A^2=b+c,b^2=c+a,c^2=a+b, then the value of 1/a+b + 1/b+1 + 1/c+1 equal to?

1 Answer
May 17, 2018

# 3, or, 1#.

Explanation:

We will assume that, #a,b,c in RR#.

We have, #a^2=b+c, and, b^2=c+a#.

#:. a^2-b^2=(b+c)-(c+a)=b-a#.

#:. (a-b)(a+b)+(a-b)=0#.

#:. (a-b)(a+b+1)=0#.

#:. a=b, or, a+b+1=0#.

#"If "a+b+1=0," then, "c^2=a+b=-1," which is impossible in "RR#.
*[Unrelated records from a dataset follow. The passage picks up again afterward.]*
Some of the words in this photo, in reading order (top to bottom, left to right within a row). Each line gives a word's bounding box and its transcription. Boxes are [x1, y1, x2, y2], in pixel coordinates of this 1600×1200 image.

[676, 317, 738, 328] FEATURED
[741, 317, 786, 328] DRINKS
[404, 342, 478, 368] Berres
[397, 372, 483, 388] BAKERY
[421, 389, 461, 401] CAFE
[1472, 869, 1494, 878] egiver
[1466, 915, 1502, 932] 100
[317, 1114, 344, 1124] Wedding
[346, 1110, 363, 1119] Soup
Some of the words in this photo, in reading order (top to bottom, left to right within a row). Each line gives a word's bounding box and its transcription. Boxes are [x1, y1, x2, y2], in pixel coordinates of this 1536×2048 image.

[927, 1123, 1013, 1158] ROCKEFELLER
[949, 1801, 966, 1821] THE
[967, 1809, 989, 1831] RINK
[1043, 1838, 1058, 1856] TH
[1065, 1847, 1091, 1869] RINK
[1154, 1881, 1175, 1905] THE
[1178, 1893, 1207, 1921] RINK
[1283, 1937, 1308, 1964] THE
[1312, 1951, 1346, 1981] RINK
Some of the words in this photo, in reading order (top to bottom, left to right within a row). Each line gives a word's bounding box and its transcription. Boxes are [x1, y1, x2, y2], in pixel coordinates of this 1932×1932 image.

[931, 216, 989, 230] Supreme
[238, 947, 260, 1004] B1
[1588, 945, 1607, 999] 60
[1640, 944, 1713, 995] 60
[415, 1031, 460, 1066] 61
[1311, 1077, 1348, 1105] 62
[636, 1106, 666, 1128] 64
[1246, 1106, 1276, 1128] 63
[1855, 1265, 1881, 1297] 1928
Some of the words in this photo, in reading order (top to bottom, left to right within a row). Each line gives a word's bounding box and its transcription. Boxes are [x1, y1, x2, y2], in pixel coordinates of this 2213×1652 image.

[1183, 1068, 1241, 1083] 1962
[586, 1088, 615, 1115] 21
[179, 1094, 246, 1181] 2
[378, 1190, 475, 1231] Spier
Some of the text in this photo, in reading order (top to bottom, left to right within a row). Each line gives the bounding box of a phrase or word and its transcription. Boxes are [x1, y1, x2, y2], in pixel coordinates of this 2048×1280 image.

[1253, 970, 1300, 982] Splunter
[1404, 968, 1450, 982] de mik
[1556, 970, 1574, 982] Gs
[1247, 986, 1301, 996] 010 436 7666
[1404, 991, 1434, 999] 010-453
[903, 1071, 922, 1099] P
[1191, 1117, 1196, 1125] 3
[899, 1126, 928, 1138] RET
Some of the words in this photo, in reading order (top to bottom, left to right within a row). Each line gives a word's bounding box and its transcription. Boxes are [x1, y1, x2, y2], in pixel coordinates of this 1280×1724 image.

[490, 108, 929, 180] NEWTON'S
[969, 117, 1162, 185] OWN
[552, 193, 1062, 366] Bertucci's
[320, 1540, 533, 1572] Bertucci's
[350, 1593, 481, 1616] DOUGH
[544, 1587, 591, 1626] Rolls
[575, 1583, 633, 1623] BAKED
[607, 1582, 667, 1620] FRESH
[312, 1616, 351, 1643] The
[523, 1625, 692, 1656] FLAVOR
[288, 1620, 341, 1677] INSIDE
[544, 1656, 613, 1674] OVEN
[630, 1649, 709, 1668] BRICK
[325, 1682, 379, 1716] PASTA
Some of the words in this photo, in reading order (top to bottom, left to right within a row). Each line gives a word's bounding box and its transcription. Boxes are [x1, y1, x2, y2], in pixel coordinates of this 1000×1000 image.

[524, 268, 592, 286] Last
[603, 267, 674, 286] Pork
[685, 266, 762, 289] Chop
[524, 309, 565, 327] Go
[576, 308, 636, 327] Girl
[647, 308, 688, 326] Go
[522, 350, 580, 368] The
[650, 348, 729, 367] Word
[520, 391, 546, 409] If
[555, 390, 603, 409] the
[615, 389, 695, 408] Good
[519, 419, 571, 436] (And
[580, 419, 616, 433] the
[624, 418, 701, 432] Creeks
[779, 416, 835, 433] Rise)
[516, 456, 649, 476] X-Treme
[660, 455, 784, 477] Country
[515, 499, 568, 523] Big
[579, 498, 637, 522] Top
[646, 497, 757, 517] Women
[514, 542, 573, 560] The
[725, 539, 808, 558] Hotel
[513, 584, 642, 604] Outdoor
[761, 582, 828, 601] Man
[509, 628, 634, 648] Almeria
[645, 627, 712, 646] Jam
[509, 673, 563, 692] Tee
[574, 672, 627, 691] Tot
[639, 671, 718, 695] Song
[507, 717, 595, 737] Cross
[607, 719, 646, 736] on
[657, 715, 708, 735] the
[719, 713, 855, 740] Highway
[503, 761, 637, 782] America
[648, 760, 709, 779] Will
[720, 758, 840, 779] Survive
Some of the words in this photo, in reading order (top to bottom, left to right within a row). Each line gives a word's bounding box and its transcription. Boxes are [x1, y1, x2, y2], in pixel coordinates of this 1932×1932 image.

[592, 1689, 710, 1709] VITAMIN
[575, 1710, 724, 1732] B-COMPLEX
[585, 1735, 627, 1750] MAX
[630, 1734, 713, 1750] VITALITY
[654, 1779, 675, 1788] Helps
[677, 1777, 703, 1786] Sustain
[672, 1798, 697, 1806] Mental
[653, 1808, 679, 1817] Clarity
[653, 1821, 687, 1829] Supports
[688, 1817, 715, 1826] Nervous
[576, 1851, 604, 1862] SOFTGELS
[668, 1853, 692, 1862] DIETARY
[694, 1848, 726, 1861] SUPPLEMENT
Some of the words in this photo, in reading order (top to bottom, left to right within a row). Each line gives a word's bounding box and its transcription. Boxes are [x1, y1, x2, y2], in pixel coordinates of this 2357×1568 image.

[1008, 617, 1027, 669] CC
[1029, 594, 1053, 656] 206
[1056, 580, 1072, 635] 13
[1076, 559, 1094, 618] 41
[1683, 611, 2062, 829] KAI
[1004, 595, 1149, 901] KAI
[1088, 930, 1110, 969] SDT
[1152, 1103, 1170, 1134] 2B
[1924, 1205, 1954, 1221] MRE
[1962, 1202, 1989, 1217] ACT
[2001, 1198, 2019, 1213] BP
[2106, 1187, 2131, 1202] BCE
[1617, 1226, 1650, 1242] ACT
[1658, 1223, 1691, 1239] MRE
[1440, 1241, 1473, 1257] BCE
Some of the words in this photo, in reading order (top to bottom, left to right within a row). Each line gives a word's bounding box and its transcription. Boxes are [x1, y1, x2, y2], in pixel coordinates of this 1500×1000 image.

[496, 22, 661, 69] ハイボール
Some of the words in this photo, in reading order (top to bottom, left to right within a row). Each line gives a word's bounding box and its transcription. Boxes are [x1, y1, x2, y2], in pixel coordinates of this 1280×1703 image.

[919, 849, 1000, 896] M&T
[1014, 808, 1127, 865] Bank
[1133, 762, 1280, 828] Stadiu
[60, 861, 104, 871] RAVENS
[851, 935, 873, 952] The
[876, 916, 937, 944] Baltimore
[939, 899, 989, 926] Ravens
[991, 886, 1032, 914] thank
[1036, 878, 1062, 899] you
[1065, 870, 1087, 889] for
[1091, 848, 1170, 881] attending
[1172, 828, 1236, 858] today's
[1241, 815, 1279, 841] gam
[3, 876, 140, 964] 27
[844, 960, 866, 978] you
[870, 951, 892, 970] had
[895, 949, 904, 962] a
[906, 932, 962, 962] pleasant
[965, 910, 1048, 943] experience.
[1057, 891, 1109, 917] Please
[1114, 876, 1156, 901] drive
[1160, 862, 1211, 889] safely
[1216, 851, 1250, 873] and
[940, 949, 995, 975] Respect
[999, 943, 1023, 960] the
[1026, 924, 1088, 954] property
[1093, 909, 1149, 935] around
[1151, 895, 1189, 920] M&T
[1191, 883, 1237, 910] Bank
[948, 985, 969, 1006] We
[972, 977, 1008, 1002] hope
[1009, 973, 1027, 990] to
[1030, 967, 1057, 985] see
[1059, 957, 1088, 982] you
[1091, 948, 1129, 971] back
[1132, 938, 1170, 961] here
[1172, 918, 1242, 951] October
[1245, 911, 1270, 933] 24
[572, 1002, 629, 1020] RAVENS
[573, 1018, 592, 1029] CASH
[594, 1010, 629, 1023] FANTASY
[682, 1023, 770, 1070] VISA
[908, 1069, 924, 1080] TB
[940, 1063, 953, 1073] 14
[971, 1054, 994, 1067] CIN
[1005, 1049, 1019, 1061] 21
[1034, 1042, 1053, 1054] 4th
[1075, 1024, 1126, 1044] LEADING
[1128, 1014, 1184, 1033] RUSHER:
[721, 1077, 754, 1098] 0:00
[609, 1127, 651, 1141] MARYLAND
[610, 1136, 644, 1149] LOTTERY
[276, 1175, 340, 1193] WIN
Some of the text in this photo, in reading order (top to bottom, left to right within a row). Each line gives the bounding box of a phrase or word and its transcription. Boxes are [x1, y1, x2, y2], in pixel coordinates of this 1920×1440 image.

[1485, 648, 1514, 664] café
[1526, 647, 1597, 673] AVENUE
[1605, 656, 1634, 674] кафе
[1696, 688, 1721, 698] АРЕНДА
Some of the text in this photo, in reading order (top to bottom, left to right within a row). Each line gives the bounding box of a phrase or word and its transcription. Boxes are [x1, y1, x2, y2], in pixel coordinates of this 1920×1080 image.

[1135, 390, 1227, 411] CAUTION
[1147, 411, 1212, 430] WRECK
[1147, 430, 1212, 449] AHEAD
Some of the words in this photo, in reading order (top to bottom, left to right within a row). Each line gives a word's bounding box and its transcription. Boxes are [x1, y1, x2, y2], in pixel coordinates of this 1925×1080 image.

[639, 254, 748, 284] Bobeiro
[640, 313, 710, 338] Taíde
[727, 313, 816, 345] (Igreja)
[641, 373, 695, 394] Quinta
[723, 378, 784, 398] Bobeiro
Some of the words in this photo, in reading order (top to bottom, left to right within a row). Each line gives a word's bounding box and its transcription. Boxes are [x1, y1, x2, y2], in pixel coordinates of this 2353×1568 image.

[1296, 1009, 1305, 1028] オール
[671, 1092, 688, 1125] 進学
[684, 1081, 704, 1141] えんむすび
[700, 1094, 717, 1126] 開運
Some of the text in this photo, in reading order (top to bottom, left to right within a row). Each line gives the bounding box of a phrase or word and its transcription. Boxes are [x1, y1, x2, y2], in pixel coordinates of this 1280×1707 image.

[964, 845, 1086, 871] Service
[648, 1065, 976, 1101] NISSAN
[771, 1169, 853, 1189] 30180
#:. a=b#, and, we can similarly get, #b=c#.

#:. a=b=c#.

Then, #a^2=b+c rArr a^2=a+a=2a rArr a^2-2a=0#.

#:. a=0, or, a=2#.

Thus, #a=b=c=0, or, a=b=c=2#.

Case 1 : #a=b=c=0#.

In this case, #1/(a+1)+1/(b+1)+1/(c+1)=1/1+1/1+1/1=3#.

Case 2 : #a=b=c=2#.

In this case, the Reqd. Value #=3*1/3=1#.